GOAL OF THE EXERCISE -
Every line of the listing below should be written out exactly, minus its images.

THE DATA -
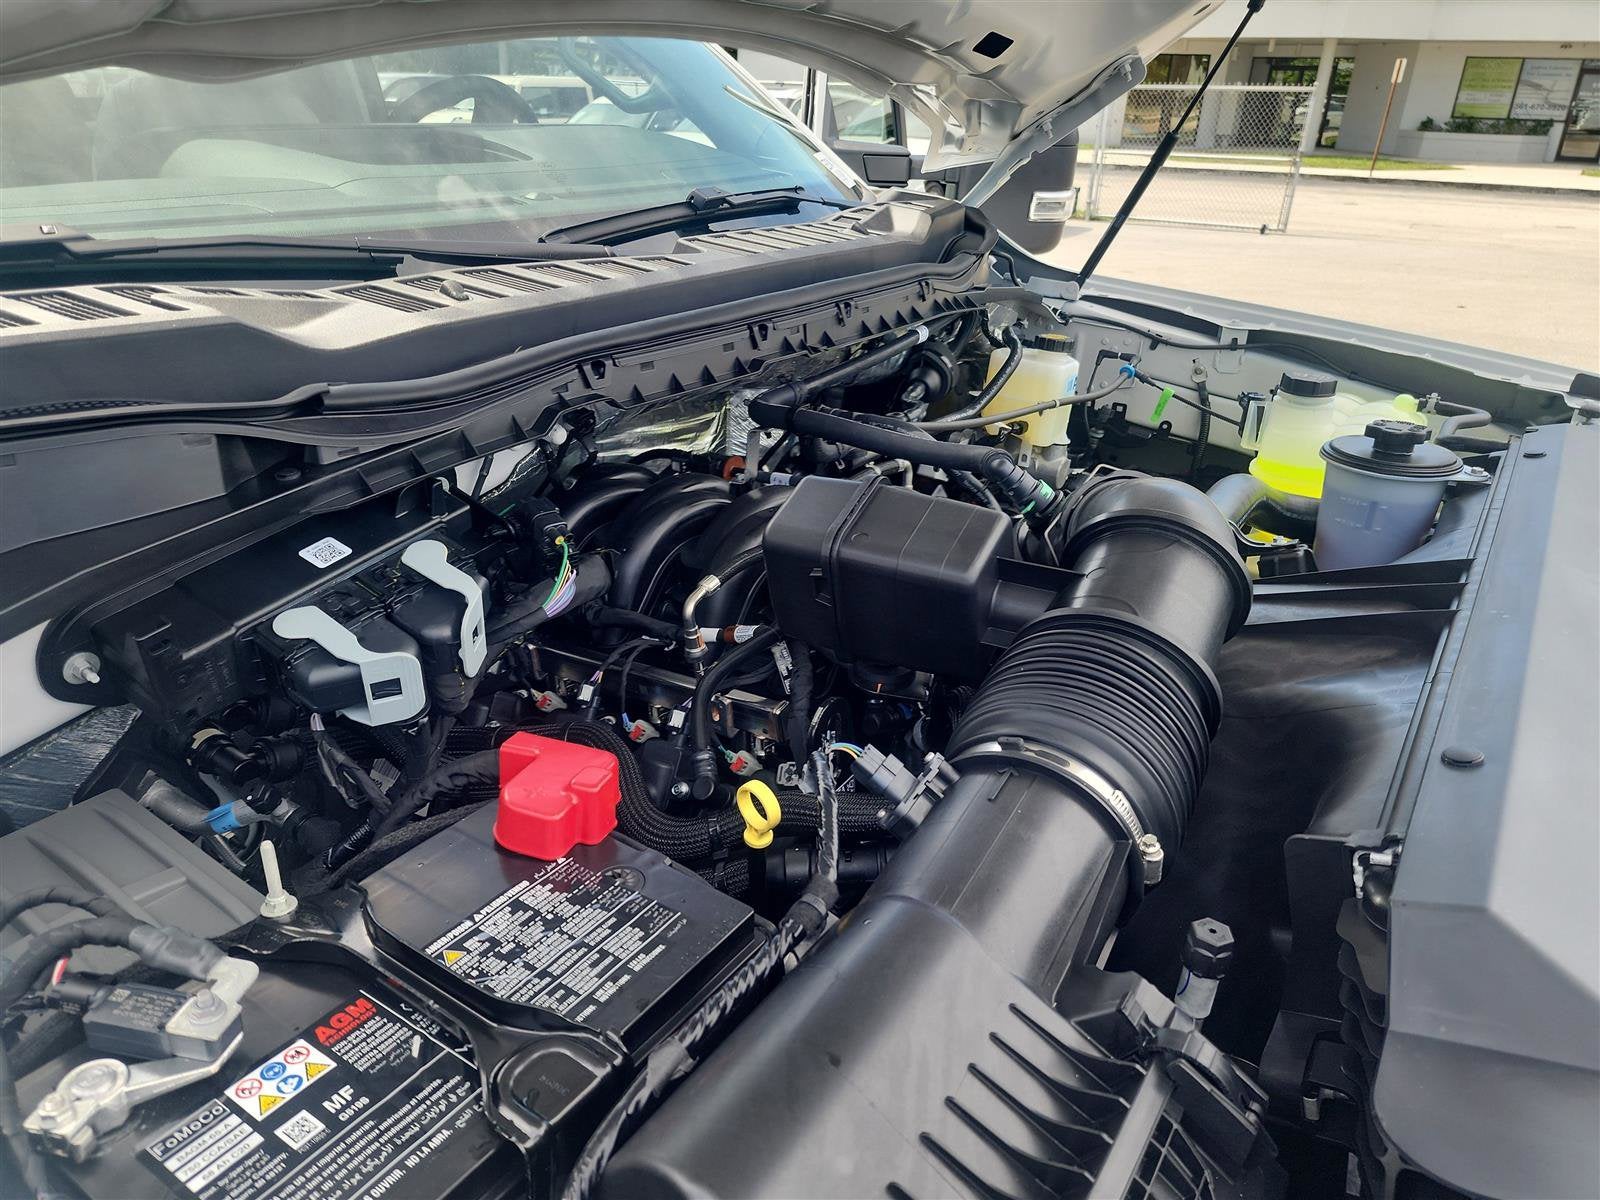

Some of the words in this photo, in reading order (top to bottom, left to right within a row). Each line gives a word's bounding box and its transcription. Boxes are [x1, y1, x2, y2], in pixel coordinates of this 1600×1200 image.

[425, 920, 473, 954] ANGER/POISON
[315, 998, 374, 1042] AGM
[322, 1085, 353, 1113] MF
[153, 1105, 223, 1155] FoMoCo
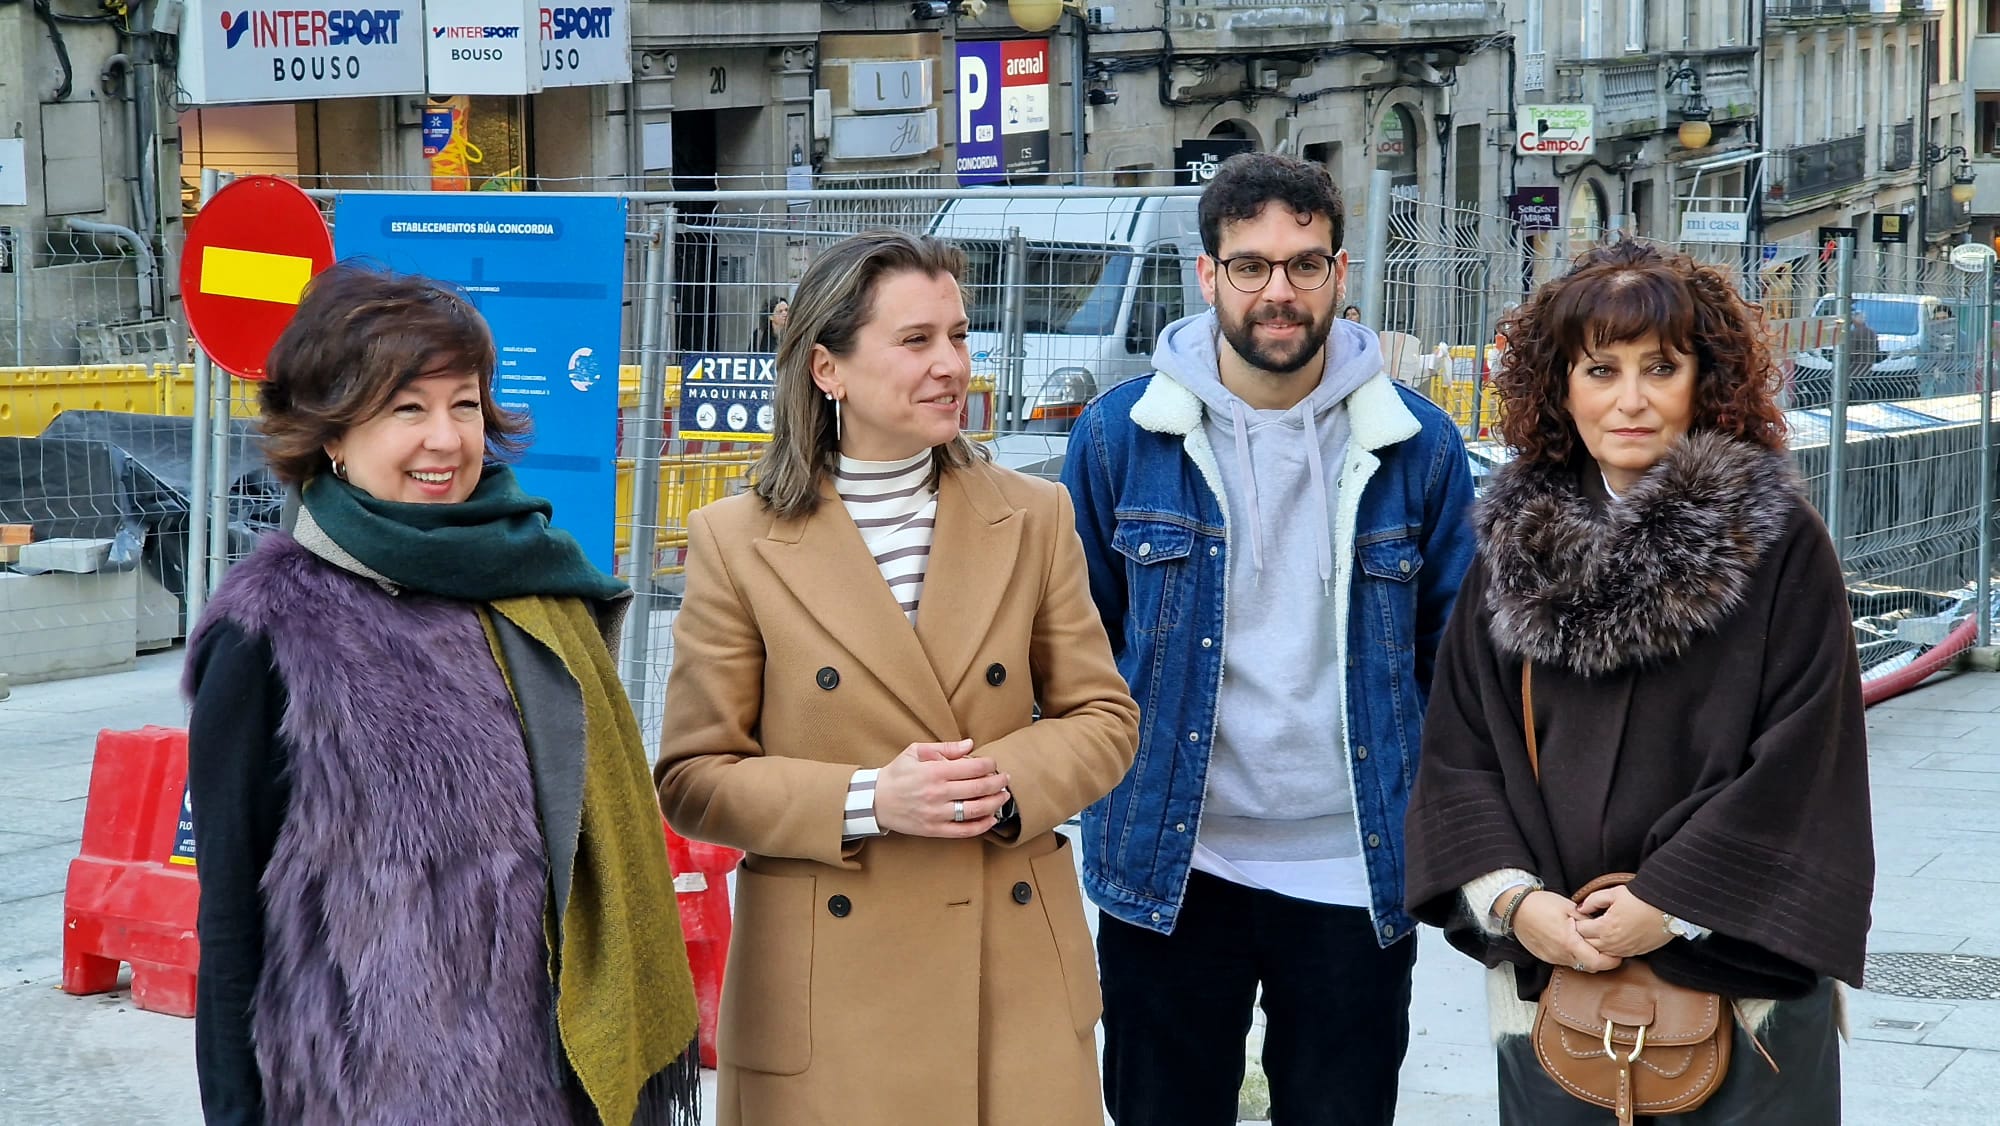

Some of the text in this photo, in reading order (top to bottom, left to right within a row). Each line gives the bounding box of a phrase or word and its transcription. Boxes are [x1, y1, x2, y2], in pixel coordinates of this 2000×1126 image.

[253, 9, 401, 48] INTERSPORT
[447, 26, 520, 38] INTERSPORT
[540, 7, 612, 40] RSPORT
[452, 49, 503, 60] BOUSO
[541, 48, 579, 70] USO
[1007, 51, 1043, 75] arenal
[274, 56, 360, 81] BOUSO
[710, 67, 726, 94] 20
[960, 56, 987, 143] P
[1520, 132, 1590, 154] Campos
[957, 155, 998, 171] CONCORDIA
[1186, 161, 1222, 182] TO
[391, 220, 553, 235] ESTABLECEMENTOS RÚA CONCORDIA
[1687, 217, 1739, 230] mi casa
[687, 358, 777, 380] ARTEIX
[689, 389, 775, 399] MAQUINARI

TASK ANSWER -
Some of the words in this photo, in reading order (top to bottom, left to right within a row). Each line gives a word's bounding box and its transcription. Boxes are [x1, y1, x2, y2], in pixel coordinates of this 1600×1200 image.

[425, 920, 473, 954] ANGER/POISON
[315, 998, 374, 1042] AGM
[322, 1085, 353, 1113] MF
[153, 1105, 223, 1155] FoMoCo

Some of the text in this photo, in reading order (top to bottom, left to right within a row). Each line gives the bounding box of a phrase or word and its transcription. Boxes are [x1, y1, x2, y2], in pixel coordinates of this 2000×1126 image.

[253, 9, 401, 48] INTERSPORT
[447, 26, 520, 38] INTERSPORT
[540, 7, 612, 40] RSPORT
[452, 49, 503, 60] BOUSO
[541, 48, 579, 70] USO
[1007, 51, 1043, 75] arenal
[274, 56, 360, 81] BOUSO
[710, 67, 726, 94] 20
[960, 56, 987, 143] P
[1520, 132, 1590, 154] Campos
[957, 155, 998, 171] CONCORDIA
[1186, 161, 1222, 182] TO
[391, 220, 553, 235] ESTABLECEMENTOS RÚA CONCORDIA
[1687, 217, 1739, 230] mi casa
[687, 358, 777, 380] ARTEIX
[689, 389, 775, 399] MAQUINARI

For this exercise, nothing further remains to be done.